With all the hundreds of millions of dollars spent each year on personal
care products and deodorants, I'm amazed there's almost no discussion
about reducing body odor by changing your diet. In fact, when I've mentioned
this subject to some people, they look at me in bewilderment. They ask
questions like "What do you mean? Your foods control your body odor?
Body odor is genetic!" What's needed is a crash course in the underlying
causes of body odor. We'll call it The Fundamentals of Offensive Personal
Odors, or just Body Odor 101, for short.
The first lesson in Body Odor 101: What comes out of your body reflects
what you put in. Body odor is something that's strongly affected by
what's being emitted by your sweat glands. And remember, armpits are
designed to sweat. I know that may sound insanely simple, because everybody
knows that armpits sweat, but I'm saying that armpits are supposed to
perspire. Yet people go to great lengths to prevent their armpits from
sweating by using deodorant products containing toxic chemicals and
derivatives of heavy metals like aluminum.
But there's more to it than just cooling your body temperature through
perspiration. Another function of the sweat glands in your armpits is
to excrete toxins from your body. That's why sweating is an important
part of maintaining optimum physical health: you have to give your body
a chance to get rid of various toxins through a variety of metabolic
processes. Those include urination, passing fecal matter, exhaling carbon
dioxide and other toxins through the lungs, and, of course, eliminating
toxins through the skin. The skin, remember, is your body's largest
organ.
Your armpits, then, actually have an important health function in getting
rid of toxins. That's why you need to keep them open and unclogged by
deodorant products. Sweating is good for you.

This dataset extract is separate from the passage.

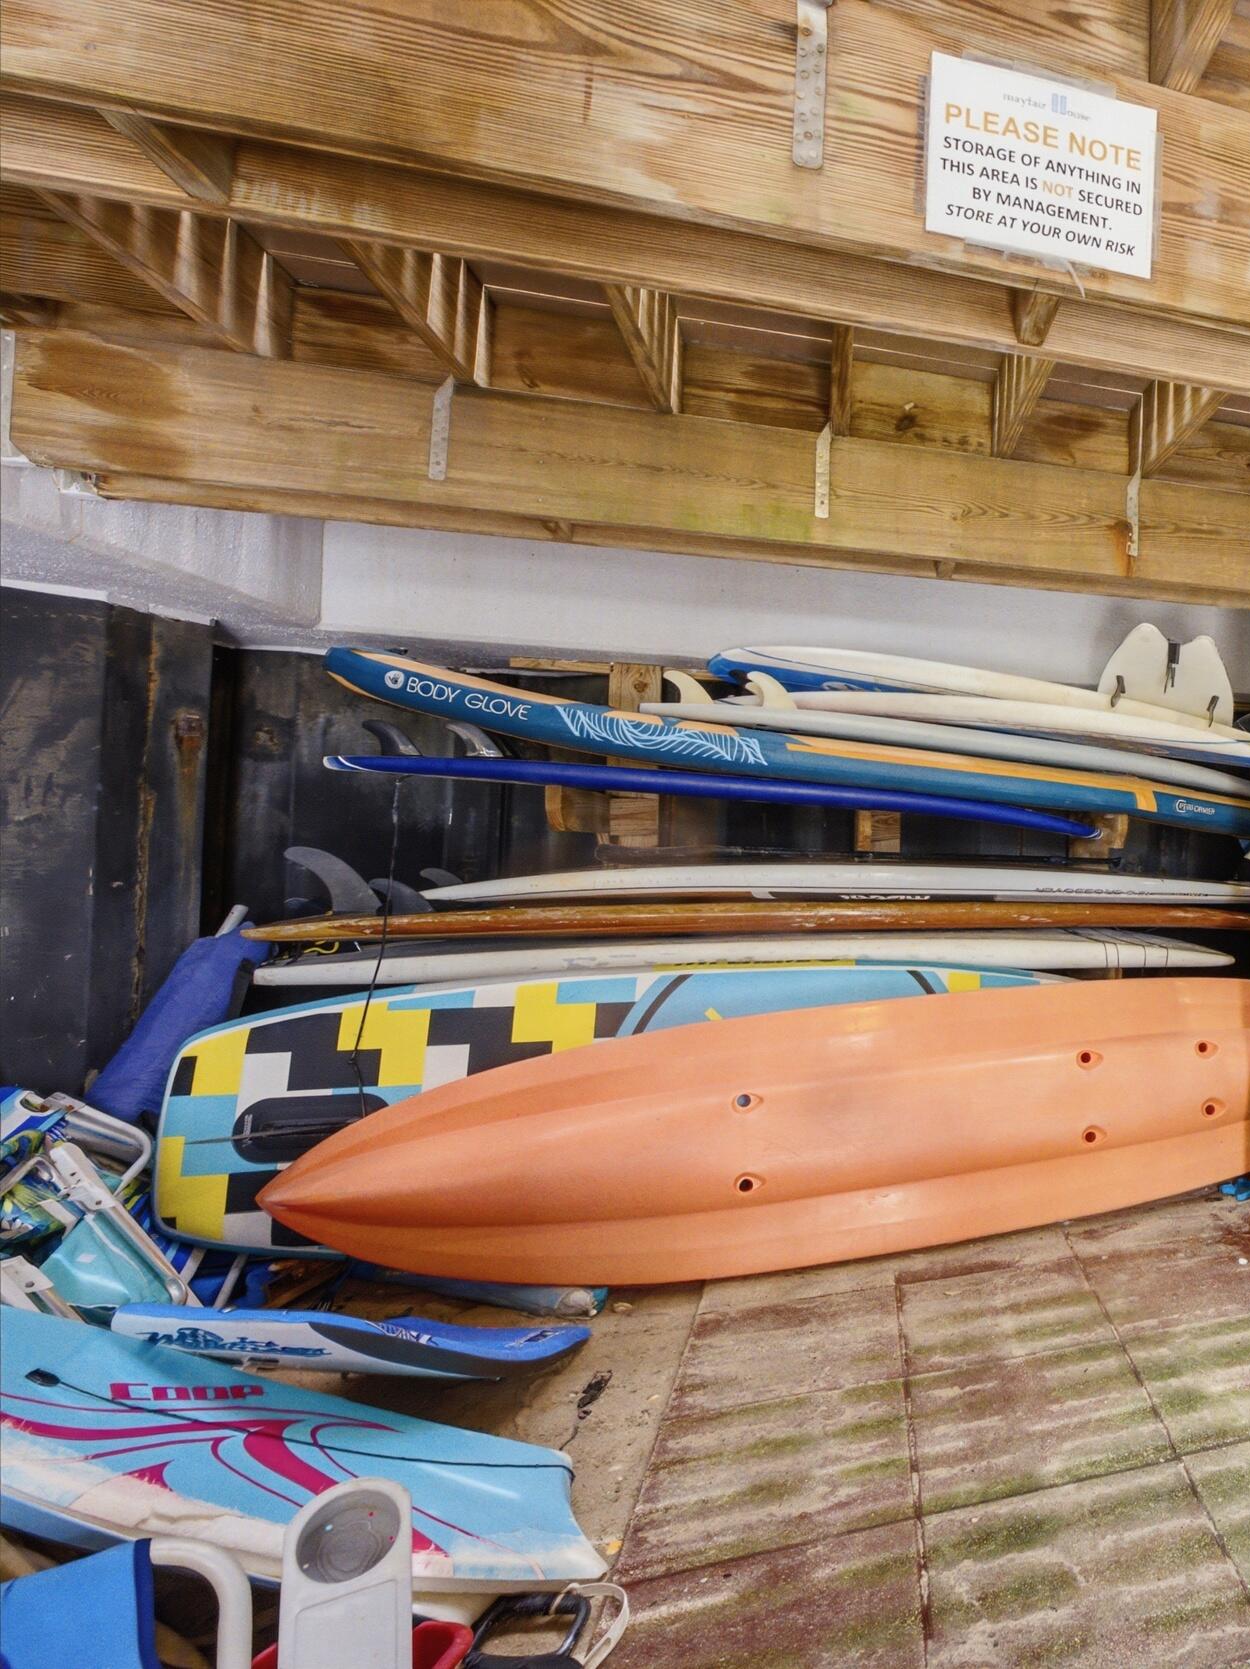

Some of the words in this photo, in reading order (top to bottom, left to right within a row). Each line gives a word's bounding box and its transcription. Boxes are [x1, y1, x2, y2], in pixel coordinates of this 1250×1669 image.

But what about the odor? Where does that really come from? Conventional
doctors like to say it's due to bacteria living in your armpits. But
that's ridiculous: our entire bodies are covered with bacteria, not
just our armpits. And if the bacteria alone were the cause of the odor,
you could eliminate body odor by sterilizing your armpits with rubbing
alcohol or iodine tincture. (Try it, if you like: it still won't eliminate
the odor.) The real cause of armpit odor is the intentional excretion
of horrible toxins that your body is trying to get rid of. And by using
deodorant products, you block the exit door and force those toxins to
stay in your system!
The way to eliminate body odor, then, is not to mask it with unhealthful
deodorant products, but rather to clean up your body from the inside
out. In other words, if your armpits have a horrible raunchy smell,
that's an indication that your diet needs some adjusting. I'm embarrassed
to say that I know this from personal experience. My own body odor used
to be rather disgusting when I followed the standard American diet like
most people do. I had to use massive doses of brand name deodorant products
just to try to cover up the odor. Only later did I learn that those
products are made with cancer-causing chemical fragrances that are absorbed
directly into your bloodstream, through your armpits, where they enter
your liver and promote liver disease, cancer, and a variety of other
disorders.
Many deodorants and antiperspirants are made with aluminum in order
to halt the perspiration of your sweat glands, and this aluminum is
suspected of accumulating in the nervous system and ultimately contributing
to nervous system disorders such as Alzheimer's disease. That's why
I no longer use any brand name deodorants or antiperspirants. After
giving up red meat, junk foods, fast foods and other dietary atrocities,
I no longer needed deodorants anyway.
Let's take a closer look at the causes of body odor. What foods really
cause body odor in the first place?
Red meat is the number one cause of body odor. Red meat causes stagnation
in the body; it putrefies in the digestive tract and releases all sorts
of toxins into the bloodstream through the large intestine. I've noticed
that people who consume a large quantity of red meat on a regular basis
tend to have much stronger body odor than those who avoid it. Some people
tell me just the opposite — they say it's vegetarians who stink because
they run around wearing no deodorant whatsoever. But my experience is
that if a vegetarian stinks, they aren't following a healthy diet even
though they are avoiding meat. (You can be vegetarian and extremely
unhealthy if you consume a lot of processed foods.) Overall, though,
if you find a healthful vegetarian and put them side by side with a
heavy meat eater in a sniff test, I'm confident your nose will lead
you to the conclusion that the meat eater is the most offensive of the
two.
As far as other foods that cause body odor, manufactured foods — those
lacking fiber and made with refined white flour, added sugars, hydrogenated
oils and other processed ingredients — are the big culprits. When you
eliminate these from your diet and shift to a 100% healthful diet made
of whole grains, massive quantities of leafy vegetables, fresh fruits,
soy products, supergreens, lots of sprouts, raw nuts and seeds, healthy
oils and other similar healthful ingredients, your body odor will all
but disappear in a matter of weeks.
That's because a plant-based diet is an internal deodorizer. It's true:
the chlorophyll and other phytonutrients will cleanse you from the inside
out. Some of the best foods for that include parsley, cilantro, celery
and all mint species. The aromatic herbs are also excellent: sage, rosemary,
thyme, oregano, and so on.
As a sidebar to the body odor discussion, all the things that come out
of your body are strong indicators of your current level of health,
as well as what adjustments you need to make in order to be healthier.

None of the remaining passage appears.